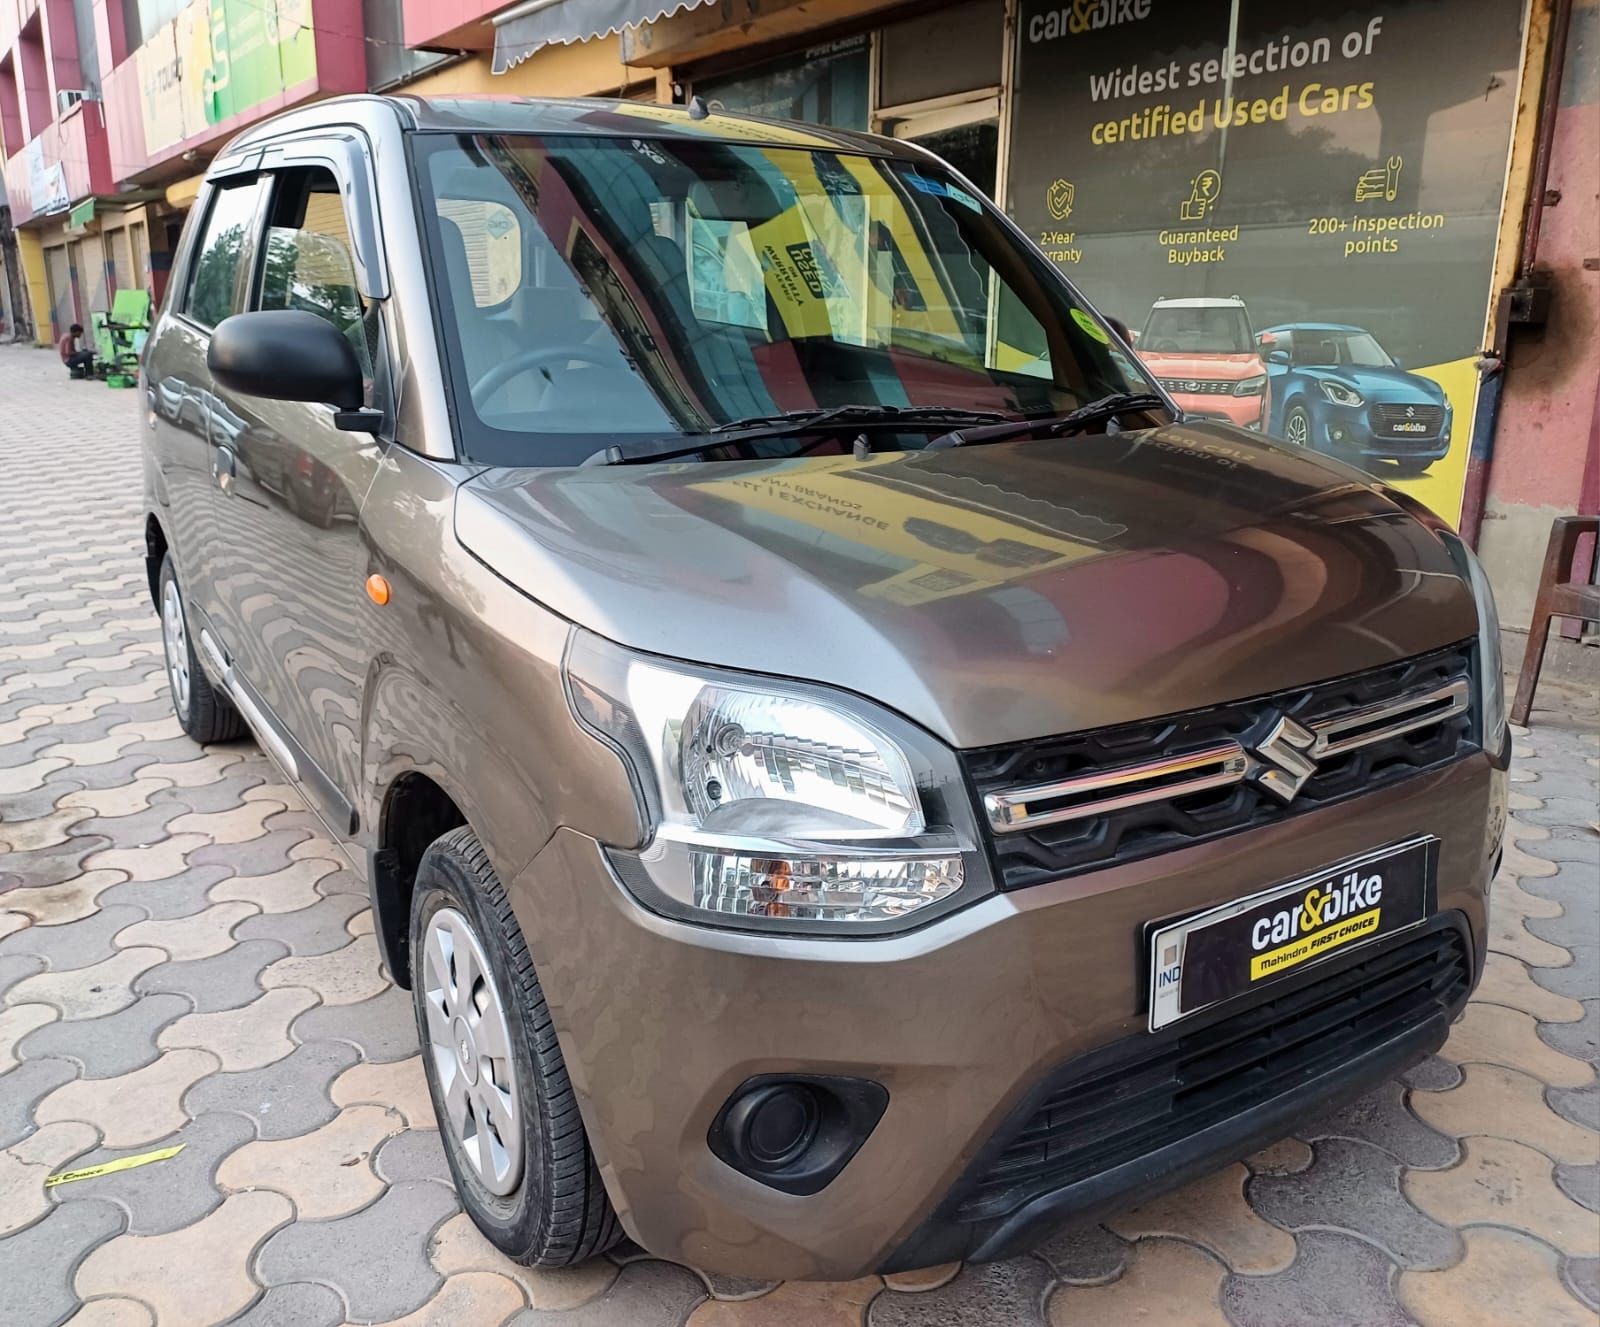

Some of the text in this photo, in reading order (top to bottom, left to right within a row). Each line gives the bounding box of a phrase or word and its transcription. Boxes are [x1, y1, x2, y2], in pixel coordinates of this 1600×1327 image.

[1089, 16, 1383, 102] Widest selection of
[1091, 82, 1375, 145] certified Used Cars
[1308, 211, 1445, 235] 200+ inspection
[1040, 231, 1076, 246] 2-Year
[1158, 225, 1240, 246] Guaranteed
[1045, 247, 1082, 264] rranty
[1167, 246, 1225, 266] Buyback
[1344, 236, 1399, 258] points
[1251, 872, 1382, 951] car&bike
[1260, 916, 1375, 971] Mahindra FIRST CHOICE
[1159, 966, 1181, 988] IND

====

In full and without change, repeat the material above, minus the pictures.

Some of the text in this photo, in reading order (top to bottom, left to right within a row). Each line gives the bounding box of a phrase or word and its transcription. Boxes are [x1, y1, x2, y2], in pixel coordinates of this 1600×1327 image.

[1089, 16, 1383, 102] Widest selection of
[1091, 82, 1375, 145] certified Used Cars
[1308, 211, 1445, 235] 200+ inspection
[1040, 231, 1076, 246] 2-Year
[1158, 225, 1240, 246] Guaranteed
[1045, 247, 1082, 264] rranty
[1167, 246, 1225, 266] Buyback
[1344, 236, 1399, 258] points
[1251, 872, 1382, 951] car&bike
[1260, 916, 1375, 971] Mahindra FIRST CHOICE
[1159, 966, 1181, 988] IND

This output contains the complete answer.